> TASK GOAL:
Leaving out all pictures, restate word for word the lines from the one with "this 2048×1152 image." through the last line of the entries.

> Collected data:
══════

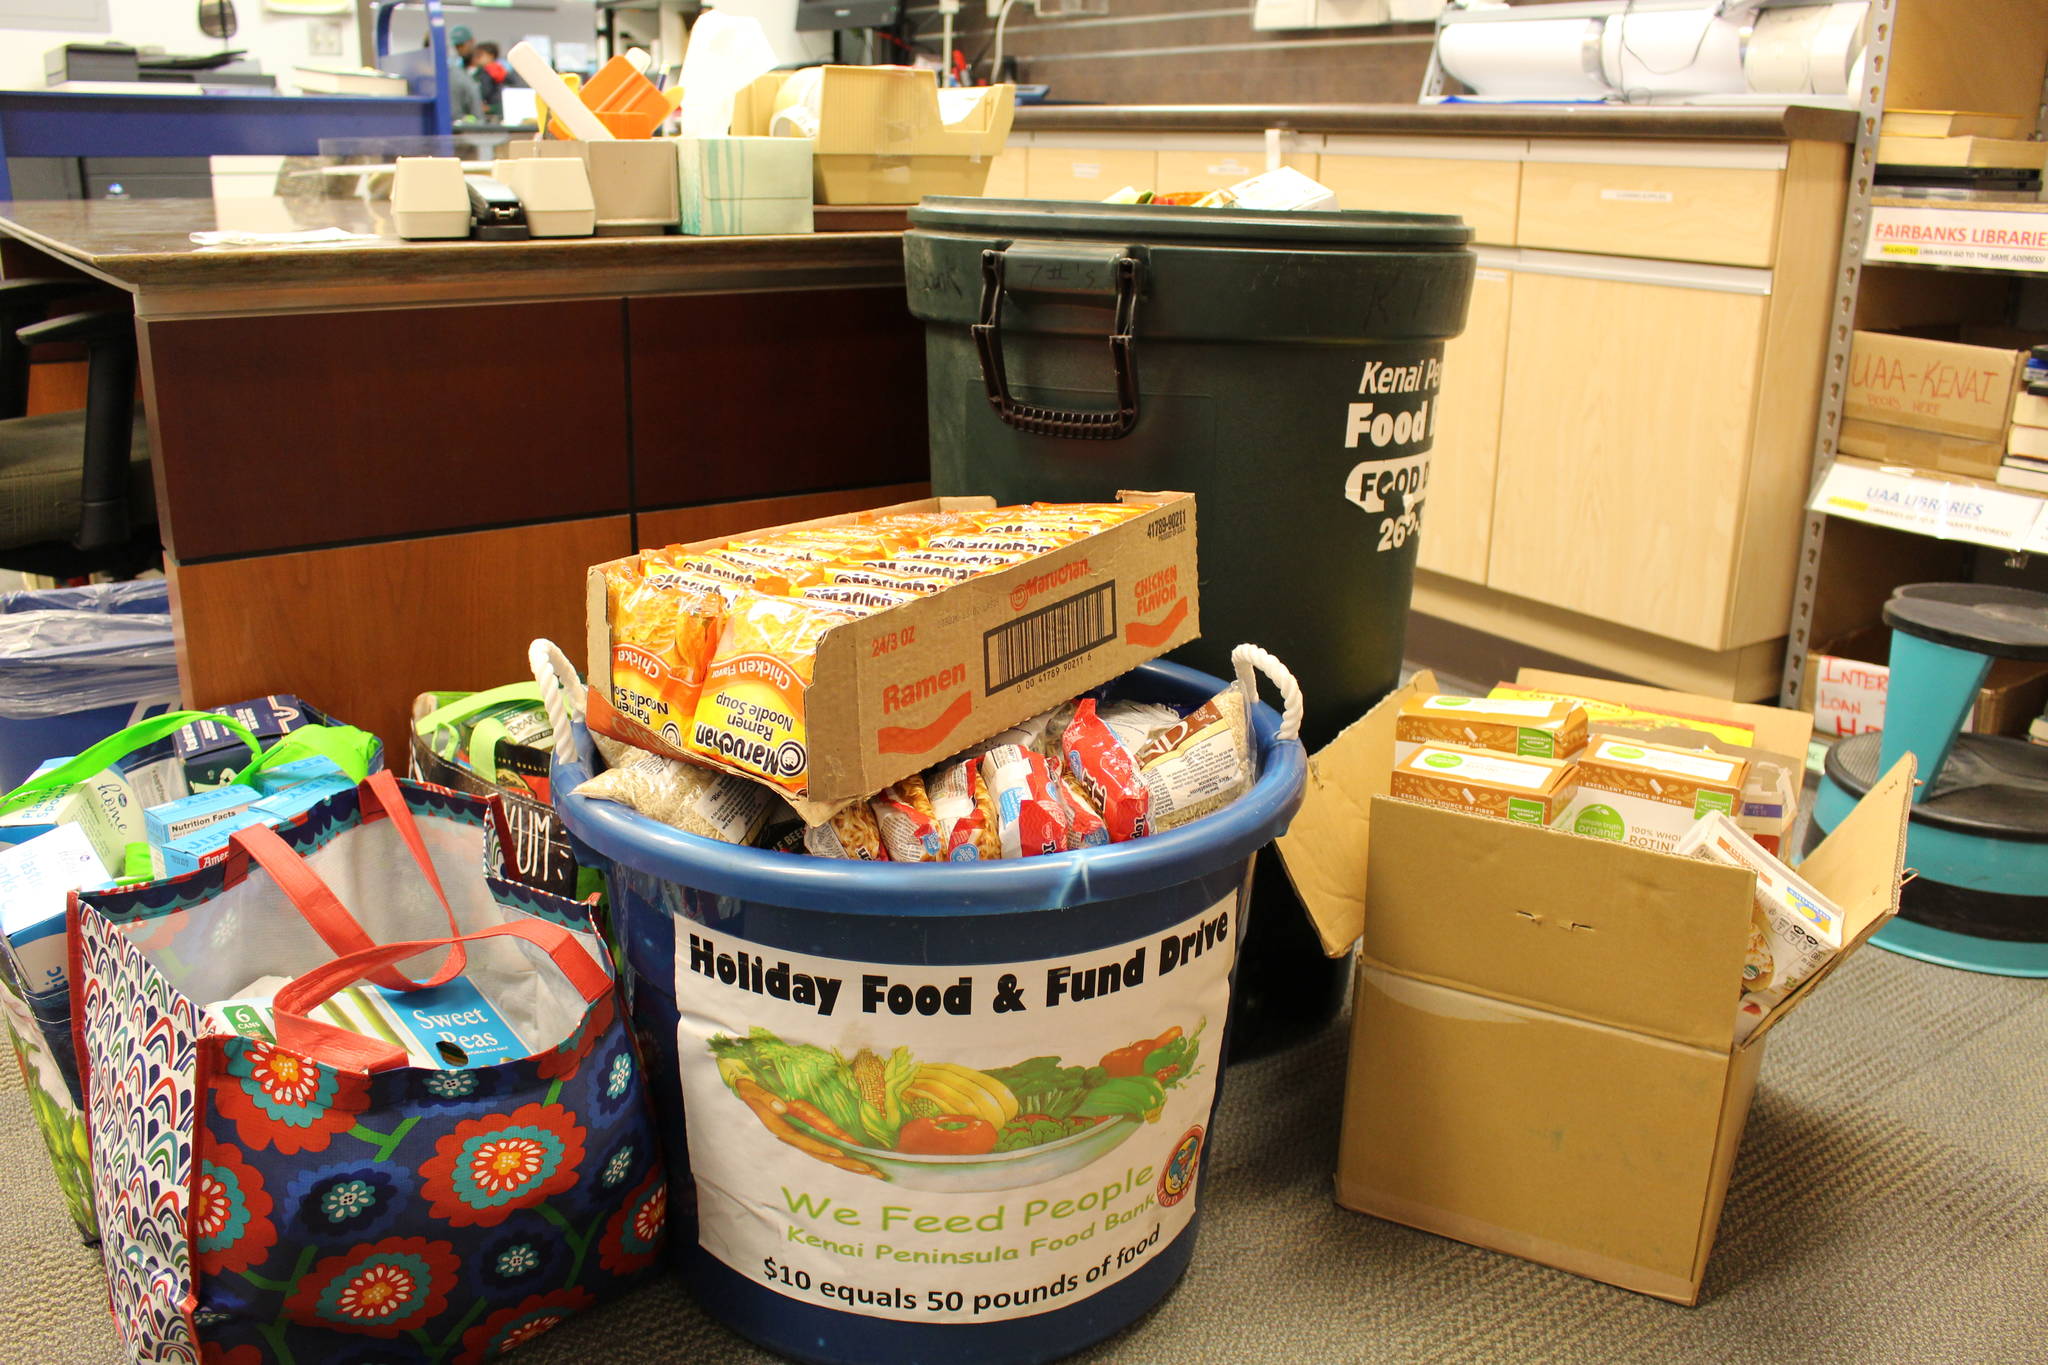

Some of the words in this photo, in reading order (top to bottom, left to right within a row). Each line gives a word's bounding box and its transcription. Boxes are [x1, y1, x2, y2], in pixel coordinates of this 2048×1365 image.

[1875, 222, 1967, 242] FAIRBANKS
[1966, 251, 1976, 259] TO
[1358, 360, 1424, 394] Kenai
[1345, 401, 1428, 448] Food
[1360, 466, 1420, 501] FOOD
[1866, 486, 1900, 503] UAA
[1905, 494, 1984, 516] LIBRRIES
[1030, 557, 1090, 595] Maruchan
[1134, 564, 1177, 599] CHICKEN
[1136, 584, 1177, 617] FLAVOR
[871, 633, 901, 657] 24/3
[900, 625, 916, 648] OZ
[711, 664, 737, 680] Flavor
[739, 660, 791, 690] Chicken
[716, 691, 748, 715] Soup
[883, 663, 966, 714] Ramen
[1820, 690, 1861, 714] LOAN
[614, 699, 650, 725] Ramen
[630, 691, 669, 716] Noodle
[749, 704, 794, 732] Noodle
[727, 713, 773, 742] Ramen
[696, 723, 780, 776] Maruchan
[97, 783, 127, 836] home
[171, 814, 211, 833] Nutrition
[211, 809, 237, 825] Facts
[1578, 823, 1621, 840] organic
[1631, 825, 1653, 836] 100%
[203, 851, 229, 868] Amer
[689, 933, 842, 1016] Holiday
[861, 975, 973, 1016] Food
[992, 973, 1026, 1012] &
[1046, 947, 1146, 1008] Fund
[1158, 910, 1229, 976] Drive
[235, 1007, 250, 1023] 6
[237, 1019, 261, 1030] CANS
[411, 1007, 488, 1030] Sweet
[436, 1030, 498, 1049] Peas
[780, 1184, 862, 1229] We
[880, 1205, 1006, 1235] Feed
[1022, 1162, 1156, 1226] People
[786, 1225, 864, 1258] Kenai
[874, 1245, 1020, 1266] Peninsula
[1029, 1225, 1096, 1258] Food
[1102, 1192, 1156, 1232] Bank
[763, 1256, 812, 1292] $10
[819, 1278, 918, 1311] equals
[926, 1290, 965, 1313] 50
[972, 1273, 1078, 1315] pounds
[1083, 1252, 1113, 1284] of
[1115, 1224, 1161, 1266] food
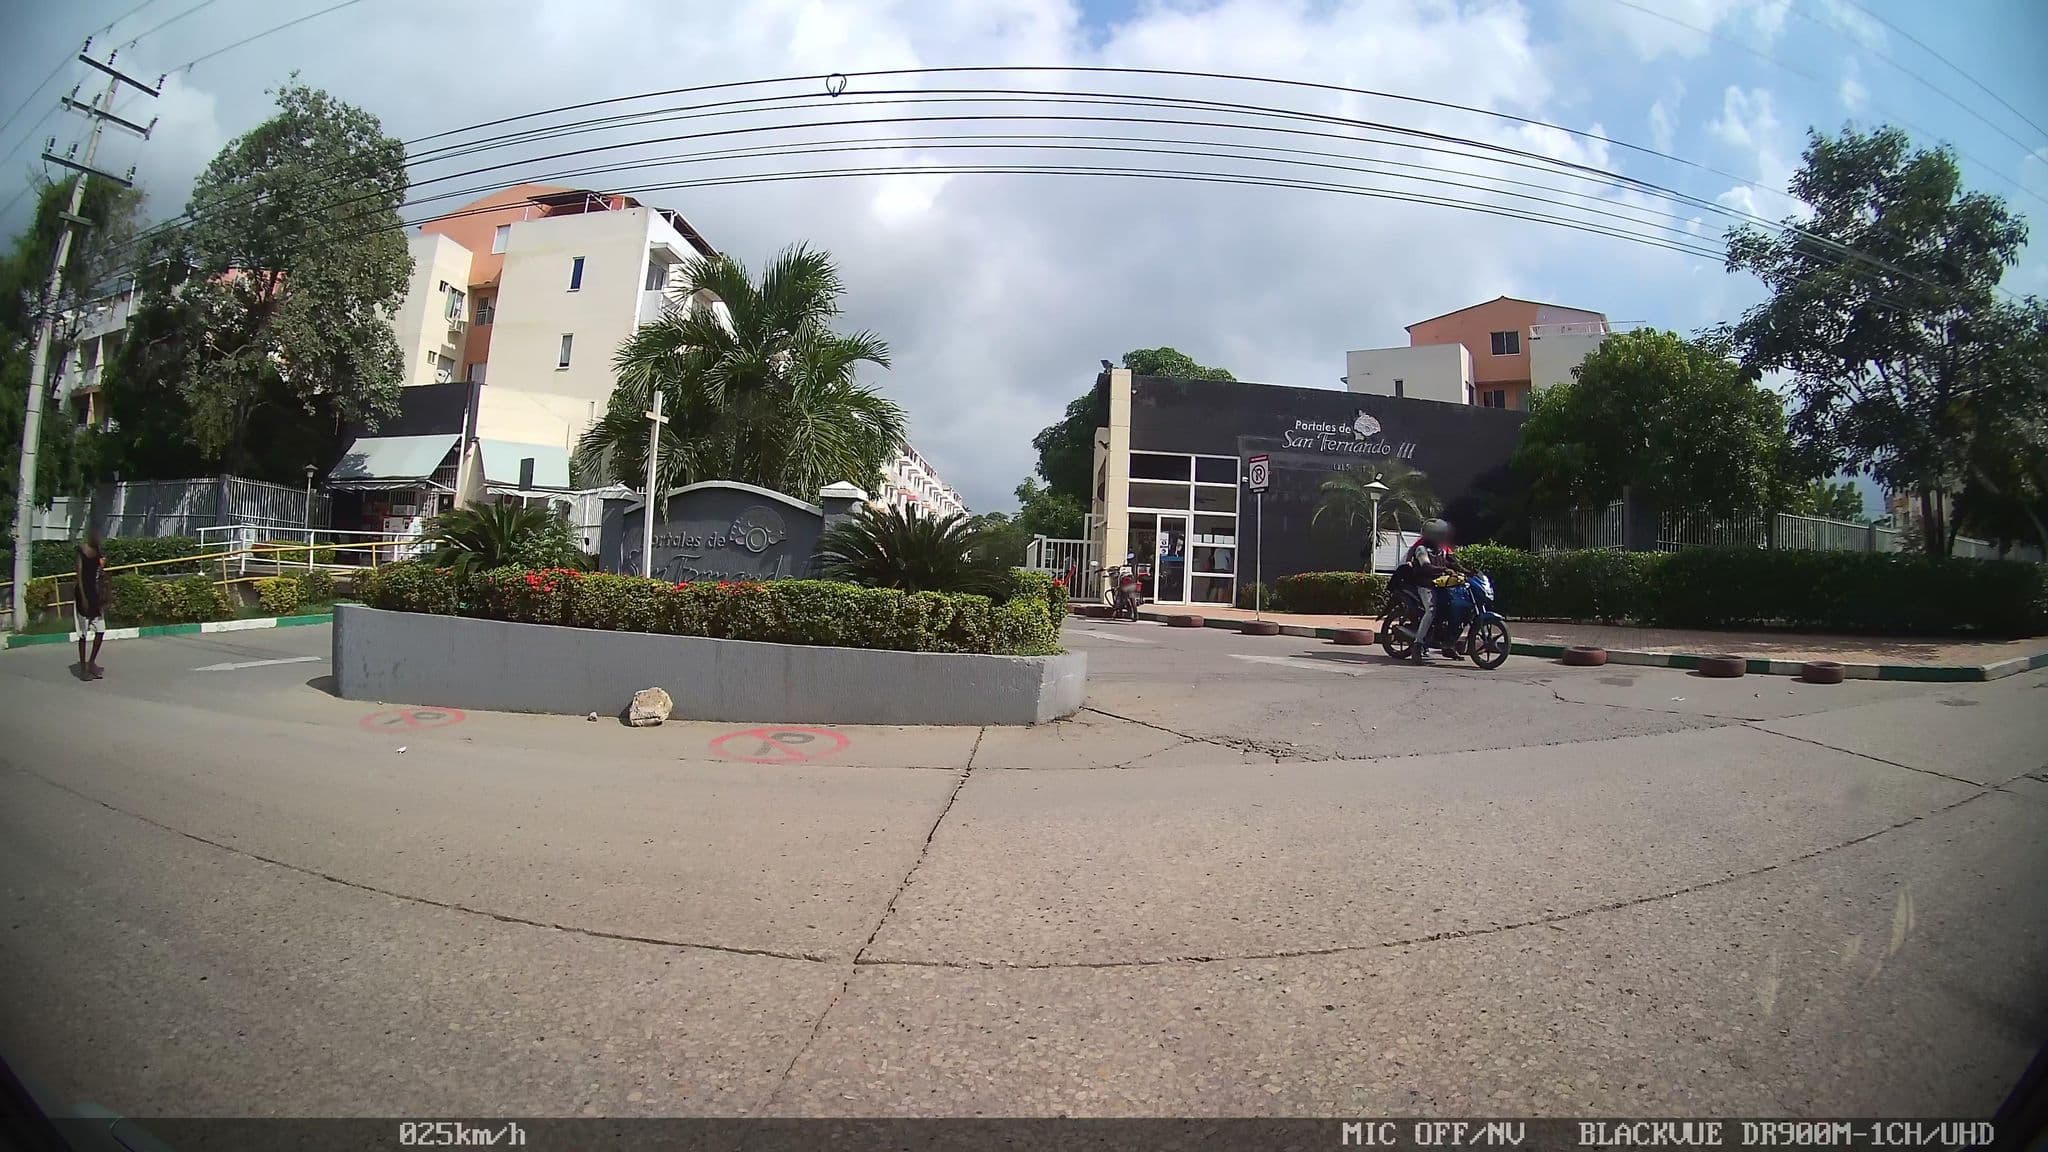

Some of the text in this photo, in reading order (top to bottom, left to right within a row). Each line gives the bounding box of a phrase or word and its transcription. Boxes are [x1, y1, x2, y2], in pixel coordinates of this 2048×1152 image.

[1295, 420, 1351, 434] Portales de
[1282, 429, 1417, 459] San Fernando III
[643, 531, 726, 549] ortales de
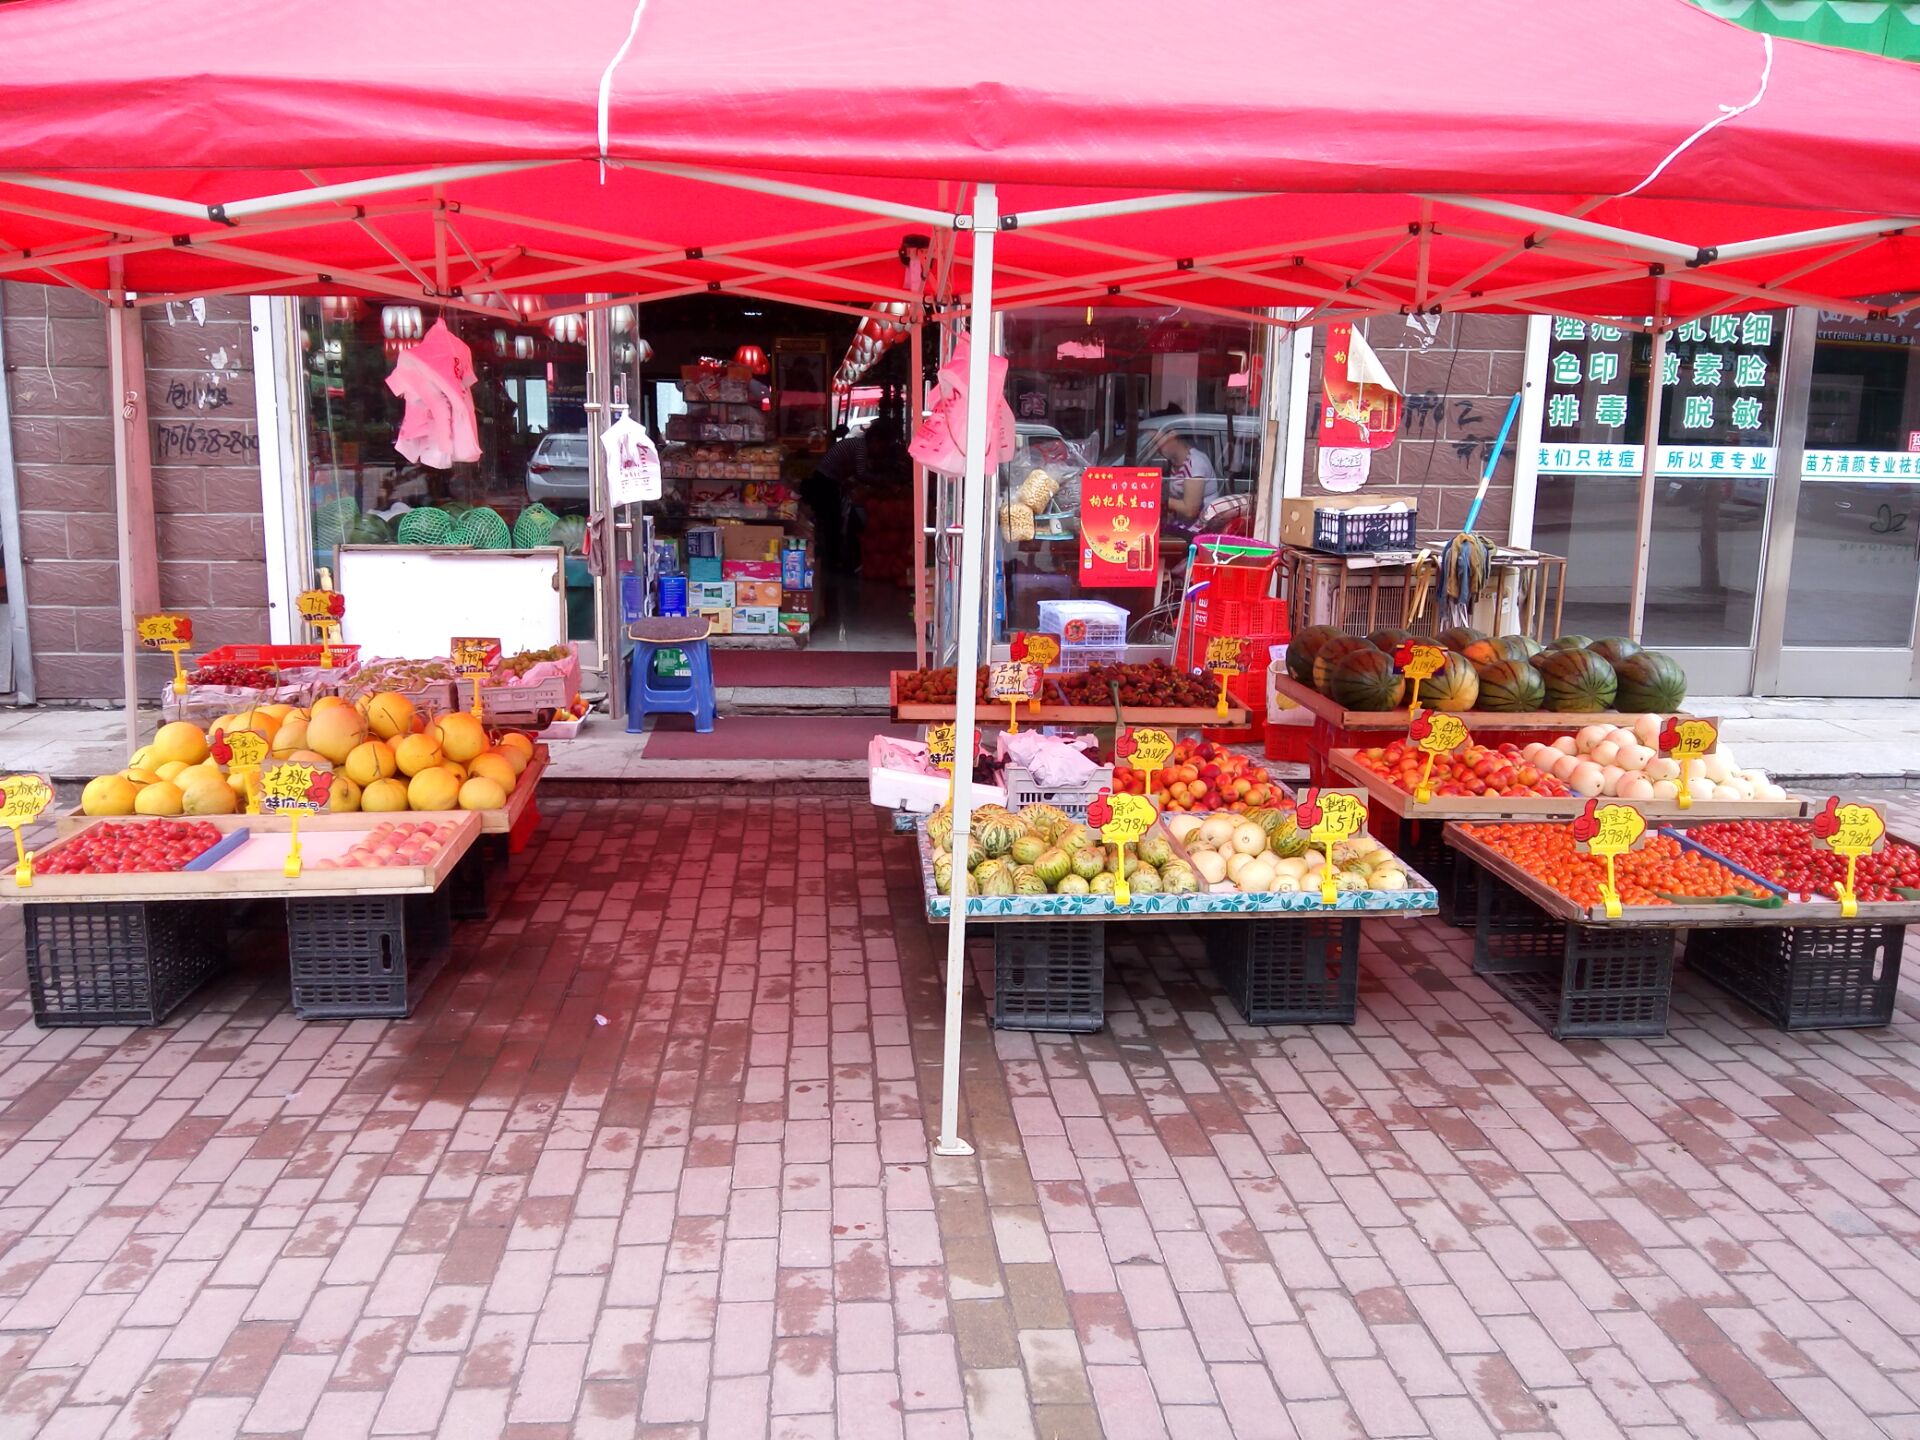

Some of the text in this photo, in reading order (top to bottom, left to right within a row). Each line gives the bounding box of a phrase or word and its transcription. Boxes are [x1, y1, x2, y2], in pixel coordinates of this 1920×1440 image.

══════

> REPLY TO THE EXERCISE:
Some of the text in this photo, in reading order (top to bottom, left to right within a row). Each line gives the bounding box of a phrase or word and its transcription. Boxes are [x1, y1, x2, y2], in pixel coordinates of this 2048×1152 image.

[1295, 420, 1351, 434] Portales de
[1282, 429, 1417, 459] San Fernando III
[643, 531, 726, 549] ortales de

Some of the text in this photo, in reading order (top to bottom, left to right within a row). Each line gives the bounding box of a phrase or word and its transcription. Boxes are [x1, y1, x2, y2], in pixel coordinates of this 1920×1440 image.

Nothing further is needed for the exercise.